Flakes are bad food in general. So yes buy pellets. Not sure if they will have them in stuck. My stores a lot of time out of them. So i always ask when can i come back or i just call them to find out if they got them. If they out of that kind of pellets that i told you , don't buy other ones. Just it better to come back or order on line. Really recommending to buy frozen blood worms too along with that freeze dried ones that i posted for you.


I don't recommend plastic plants. Buy only silk ones.
I think you ok to go with that conditioner that you have.
Always rinse all decorations before you put it in the tank. Hammock leaf has a thin wire down the plant which can rust and pollute the water. You can easily fix this by pulling the wire out before placing it in the tank.
If you will decide to buy a life plant let us know , you will need to quarantine them before you put them in his tank.


----------



## ANHEL123 (Jul 21, 2010)

Yes i ask Sakure8 to help on your question about well water. Its good that you taking the sample to the store.
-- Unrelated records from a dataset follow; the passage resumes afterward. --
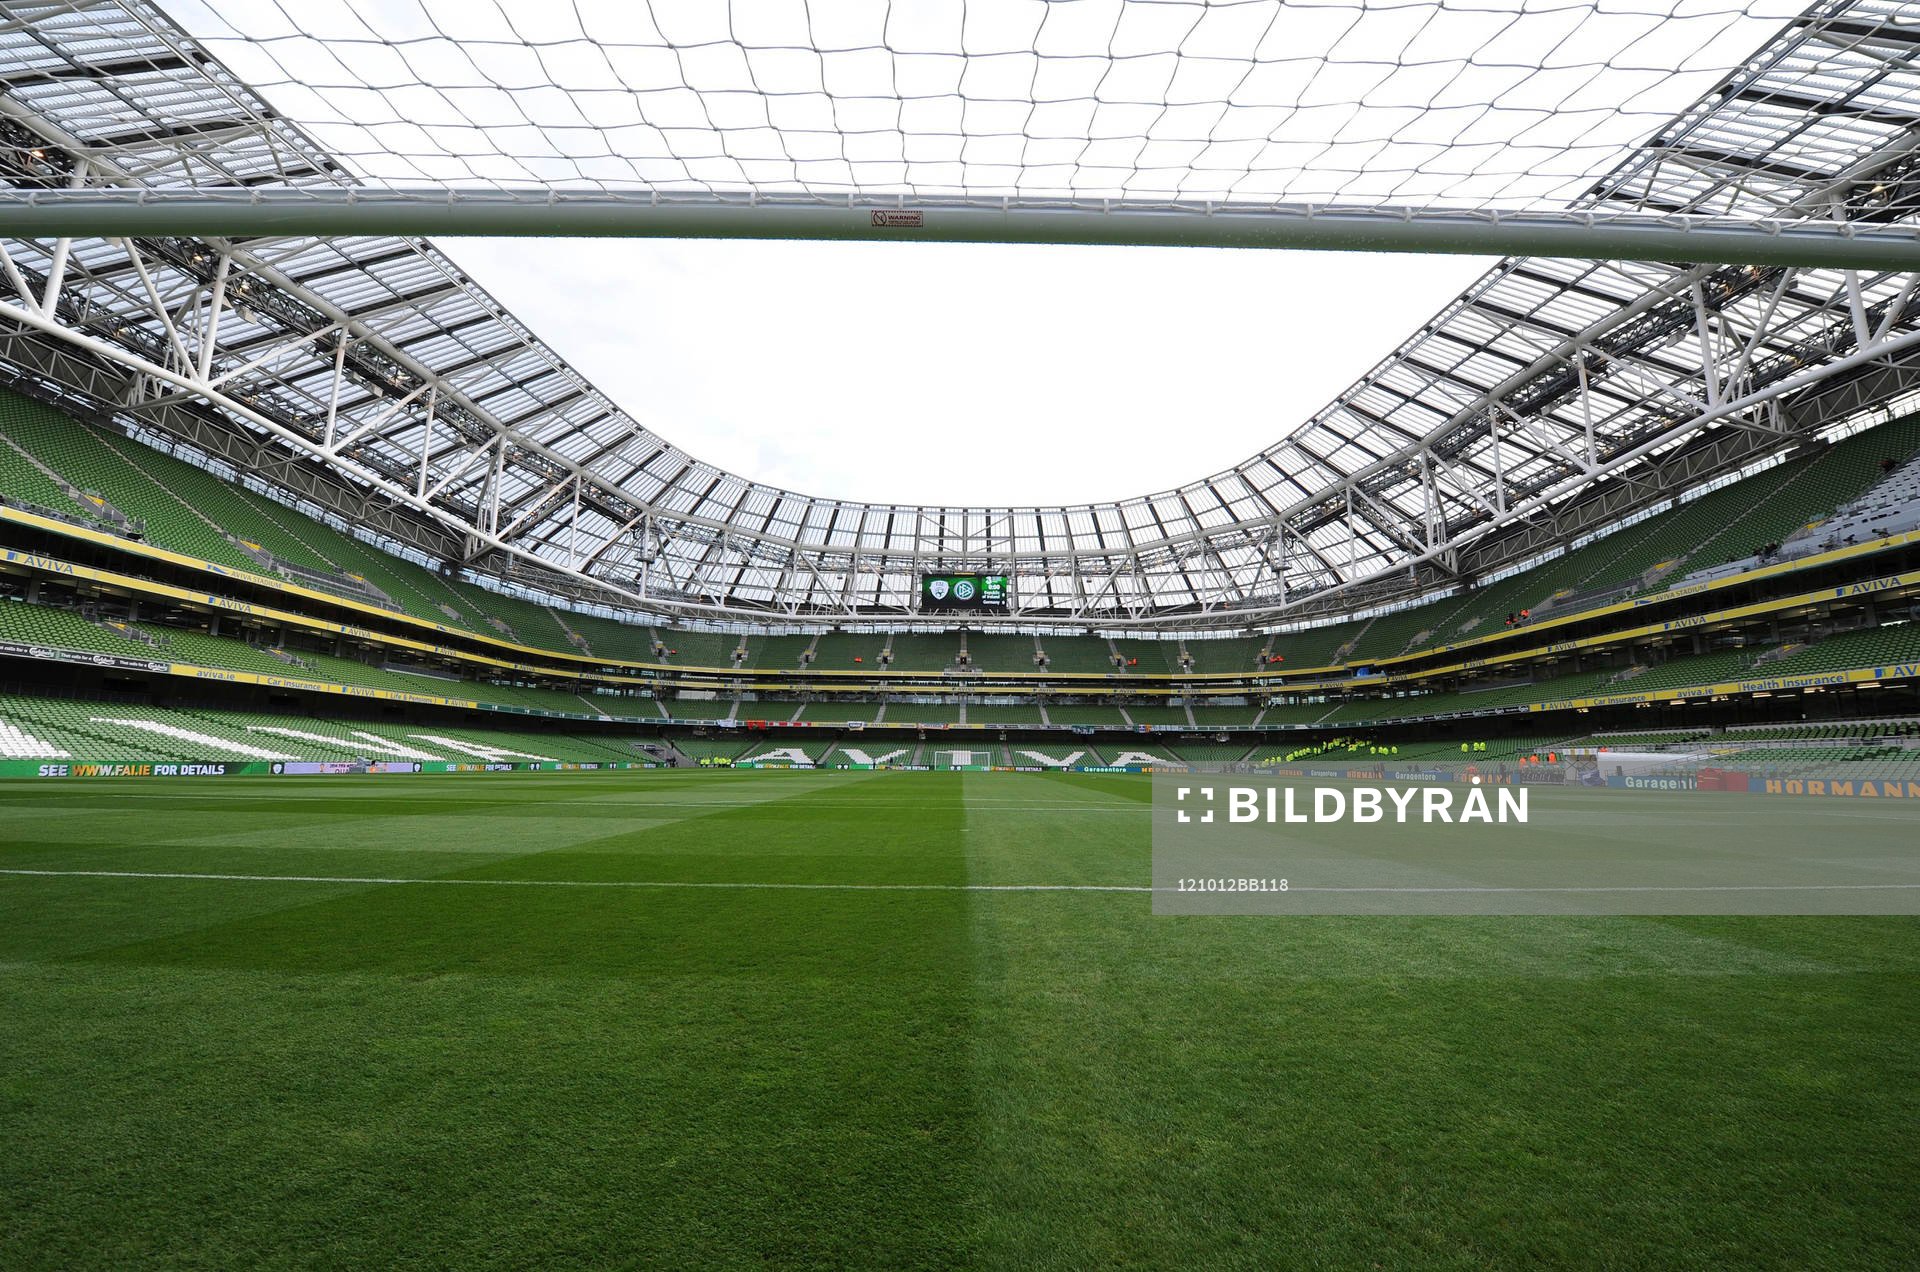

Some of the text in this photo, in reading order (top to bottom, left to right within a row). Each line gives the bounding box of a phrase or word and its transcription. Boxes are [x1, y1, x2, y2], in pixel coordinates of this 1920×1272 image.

[24, 556, 73, 574] AVIVA
[231, 571, 282, 588] AVIVA STADIUM
[1852, 577, 1901, 594] AVIVA
[1655, 584, 1708, 601] AVIVA STADIUM
[219, 600, 251, 613] AVIVA
[1674, 616, 1707, 629] AVIVA
[350, 627, 372, 639] AVIVA
[29, 648, 55, 657] Carlsberg
[1554, 641, 1577, 652] AVIVA
[93, 655, 116, 665] Carlsberg
[196, 669, 236, 681] aviva.ie
[267, 677, 321, 691] Car Insurance
[1743, 674, 1844, 691] Health Insurance
[350, 687, 375, 697] AVIVA
[1676, 687, 1714, 698] aviva.ie
[1549, 701, 1573, 710] AVIVA
[1593, 694, 1646, 706] Car Insurance
[38, 764, 225, 777] SEE WWW.FAI.IE FOR DETAILS
[446, 764, 457, 772] SEE
[1084, 766, 1127, 774] Garagentore
[1395, 771, 1437, 782] Garagentore
[1765, 778, 1920, 798] HÖRMANN
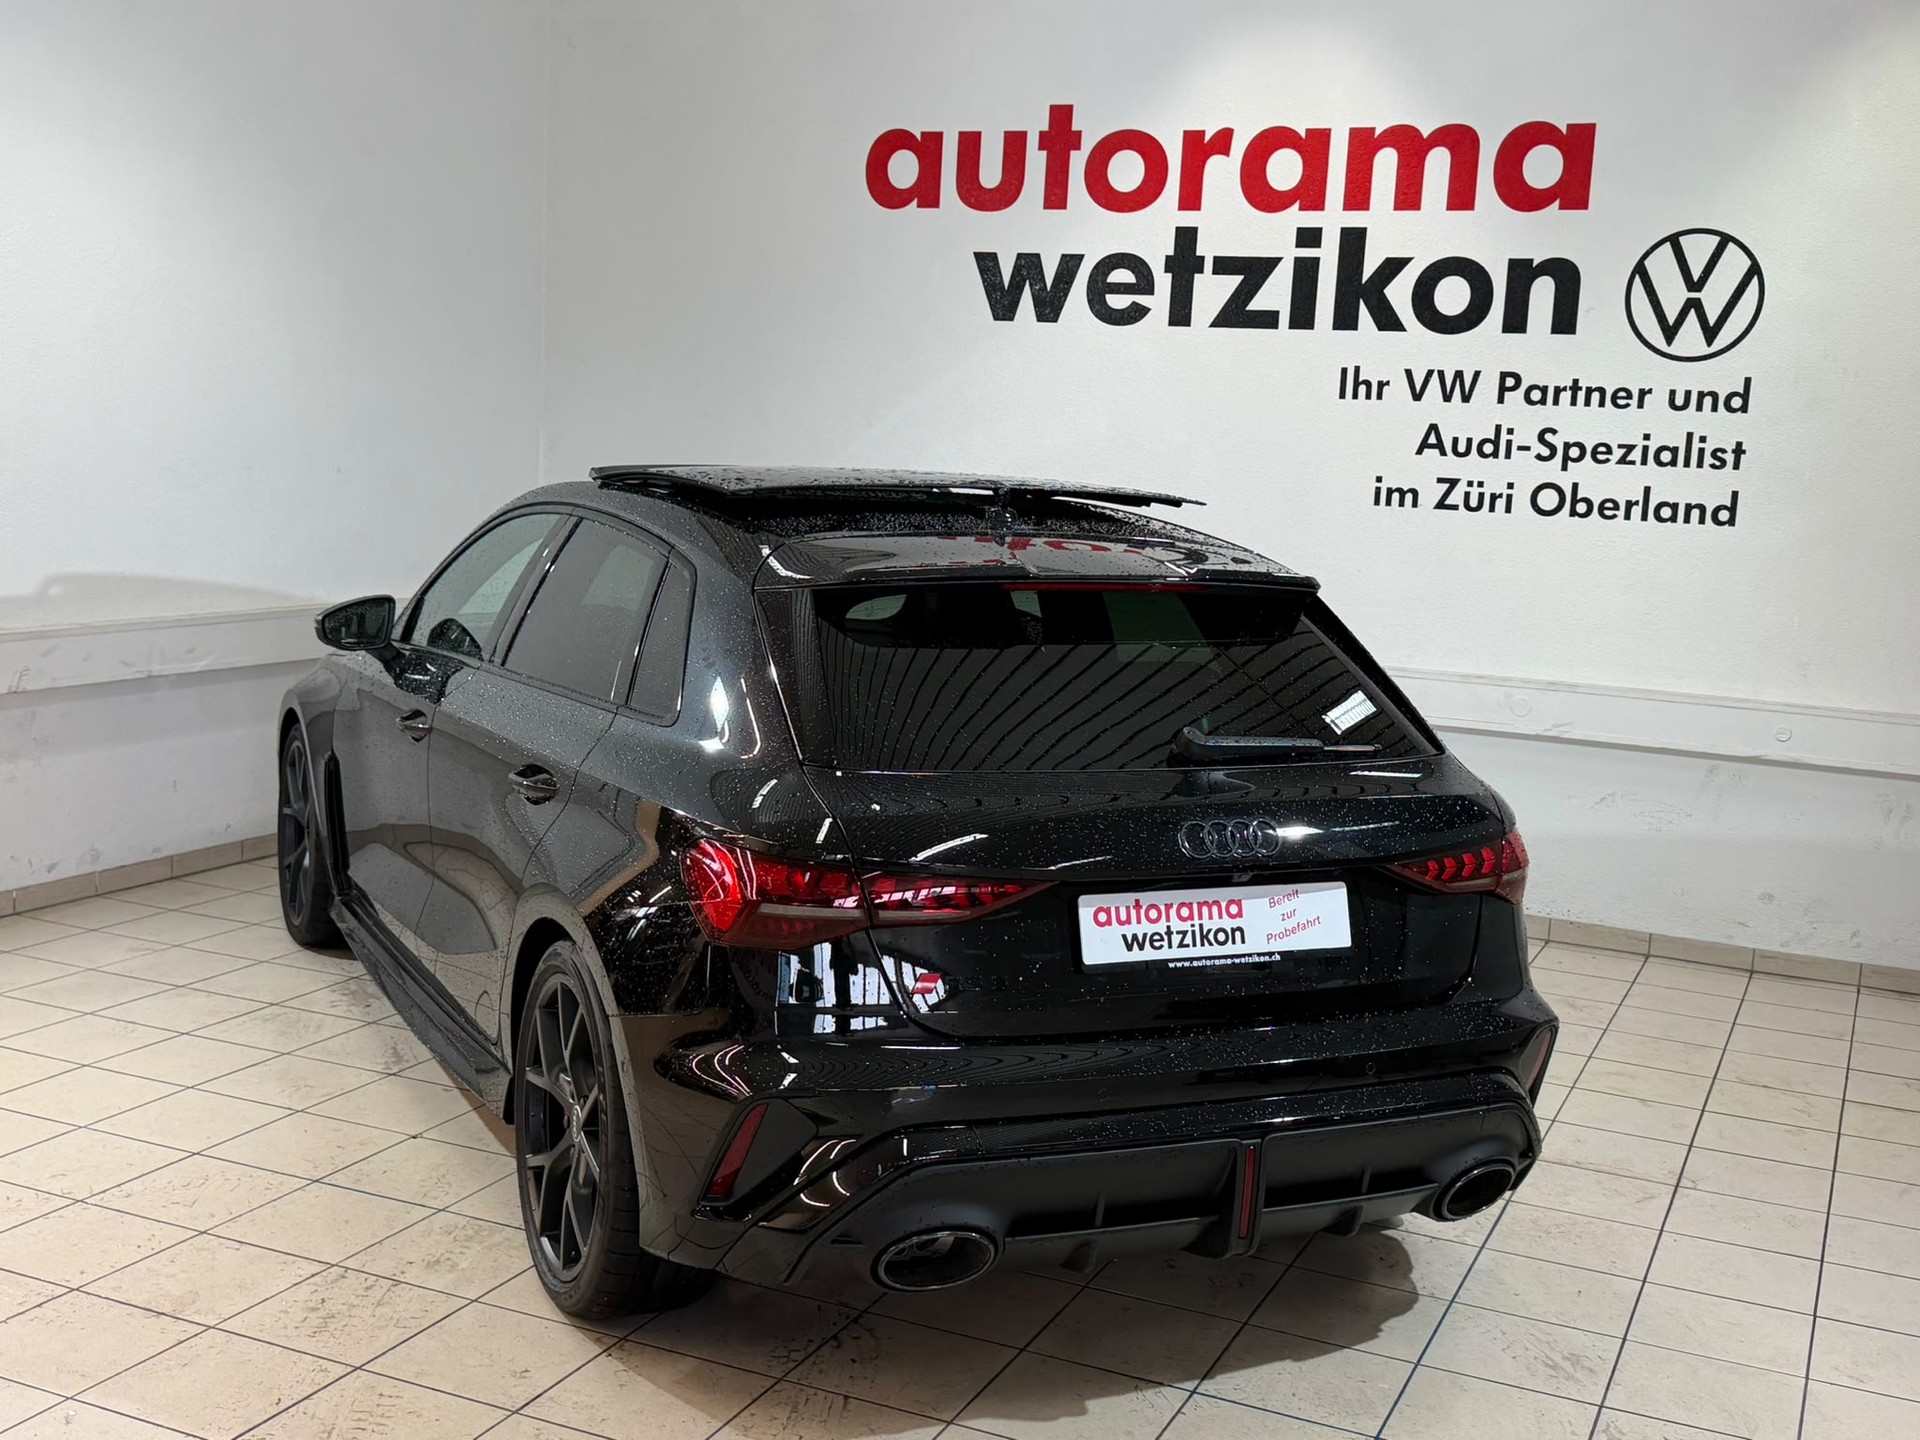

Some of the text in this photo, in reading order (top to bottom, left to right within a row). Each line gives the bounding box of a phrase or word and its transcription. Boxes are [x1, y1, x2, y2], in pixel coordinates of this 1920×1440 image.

[866, 105, 1597, 213] autorama
[973, 227, 1582, 335] wetzikon
[1339, 366, 1752, 413] Ihr VW Partner und
[1415, 423, 1747, 472] Audi-Spezialist
[1373, 477, 1739, 527] im Züri Oberland
[1093, 899, 1244, 928] autorama
[1268, 888, 1300, 909] Bereit
[1280, 907, 1297, 922] zur
[1121, 924, 1246, 952] wetzikon
[1266, 915, 1322, 945] Probefahrt
[1168, 952, 1281, 968] www.autorama-wetzikon.ch
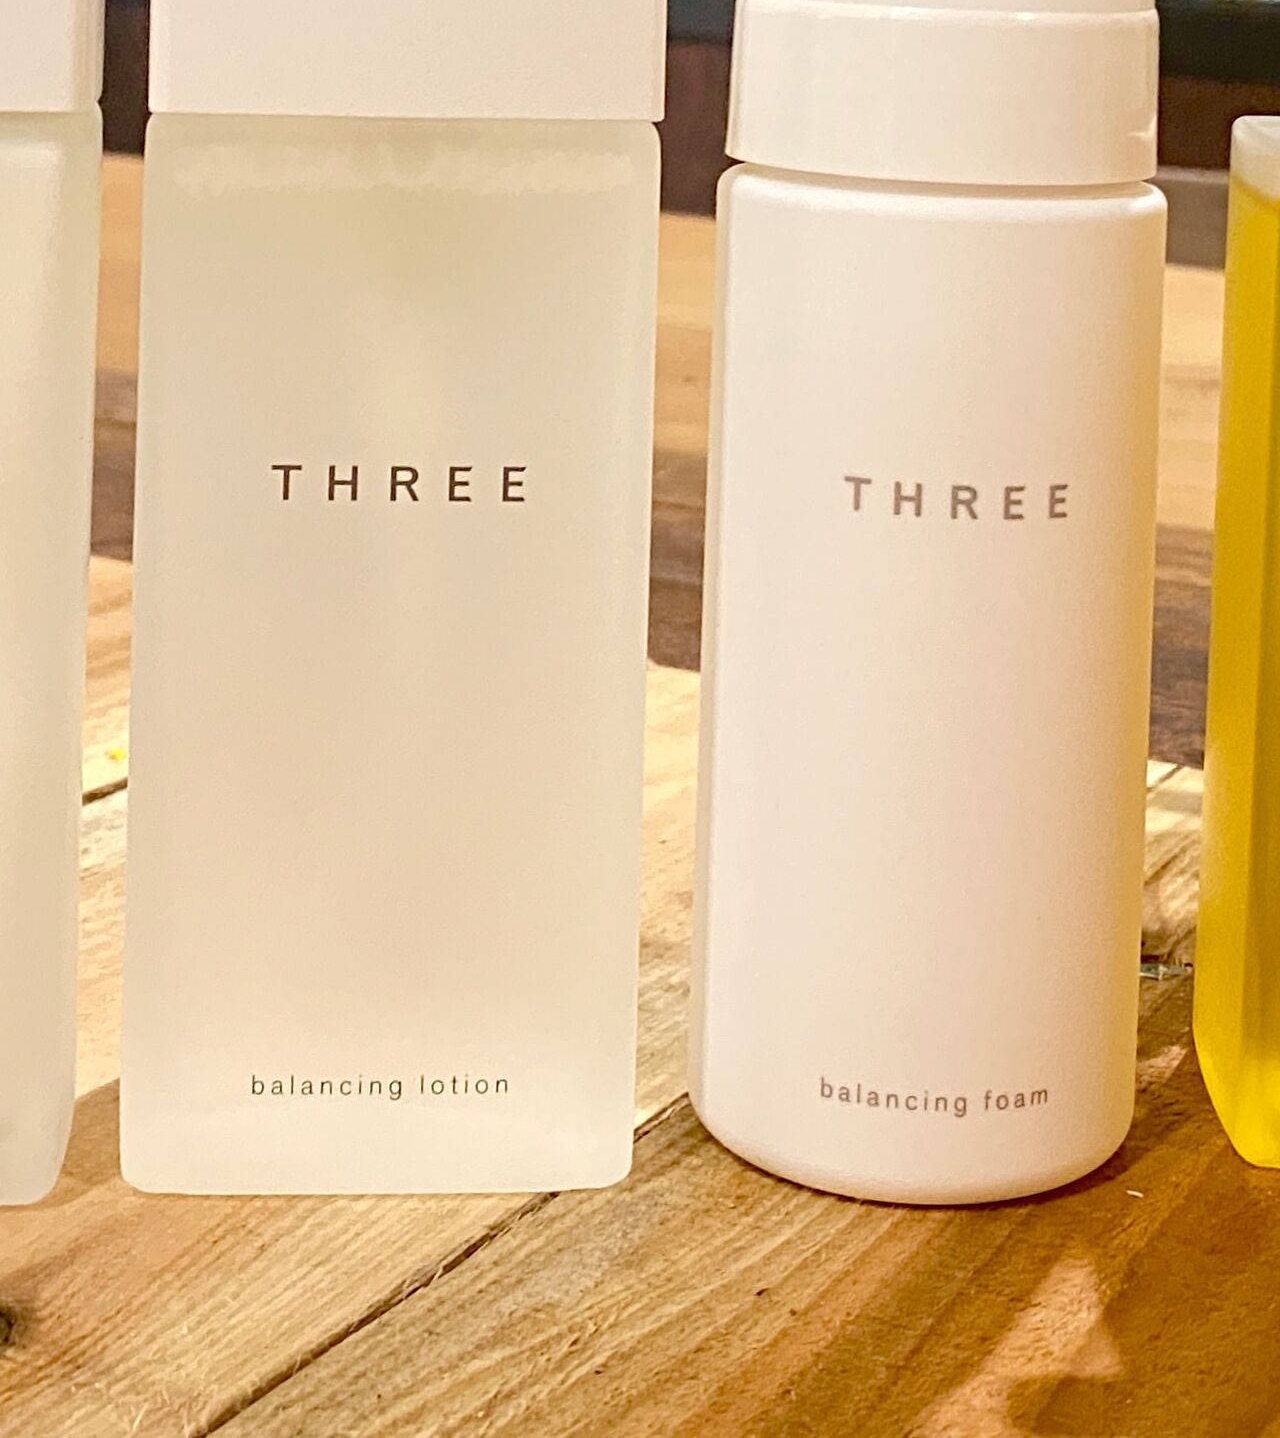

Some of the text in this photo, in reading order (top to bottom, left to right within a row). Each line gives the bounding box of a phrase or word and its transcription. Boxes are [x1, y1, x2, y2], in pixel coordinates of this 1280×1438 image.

[271, 465, 526, 502] THREE
[844, 475, 1069, 521] THREE
[251, 1075, 508, 1101] balancing lotion
[820, 1076, 1050, 1118] balancing foam
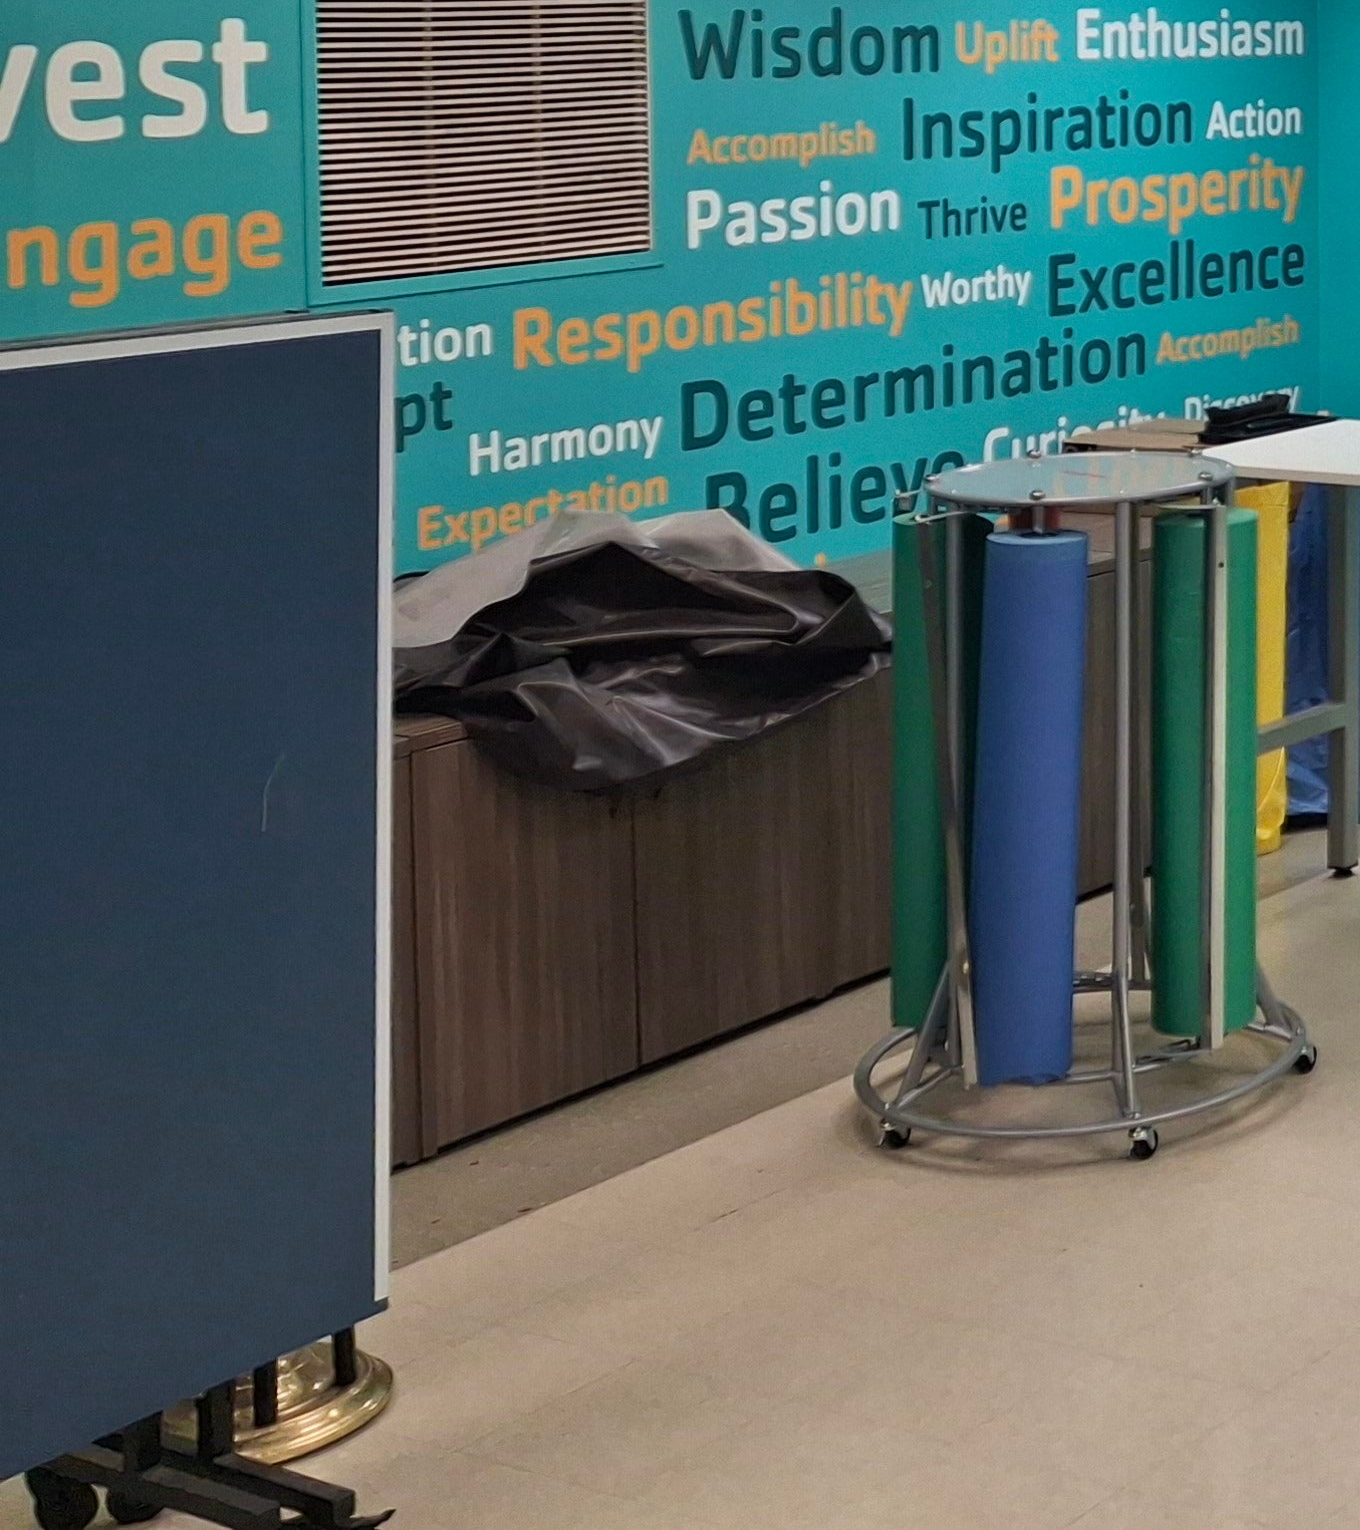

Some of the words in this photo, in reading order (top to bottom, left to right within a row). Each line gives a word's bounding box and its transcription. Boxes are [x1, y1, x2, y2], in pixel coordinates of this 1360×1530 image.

Very good idea to buy aquarium salt and Epsom. Epsome salt though you will not find at the pet stores. You can find it at any pharmacy department. It has to be pure Epsom(100% magnesium sulfate) without any additives, just unscented Epsom. Not sure or i forget if you mentioned where you live. If you in Canada or Australia they call it sometimes differently. I saw it was Dr. Teal's i think it was in UK.So you can check ingredient.


----------



## WhitneyLin (Aug 28, 2013)

We already have some epsom salt. Mom uses it for plants and as a foot soak. So we at least have some on hand. Just need the aquarium salt. 

I live in Wisconsin btw.


----------



## Sakura8 (May 12, 2011)

Hi WhitneyLin, Anhel asked me to take a look at your thread. 

From what I've been reading, you don't feel that the water is safe to drink? Do you know why? Does it have a lot of heavy metals or chemicals in it? 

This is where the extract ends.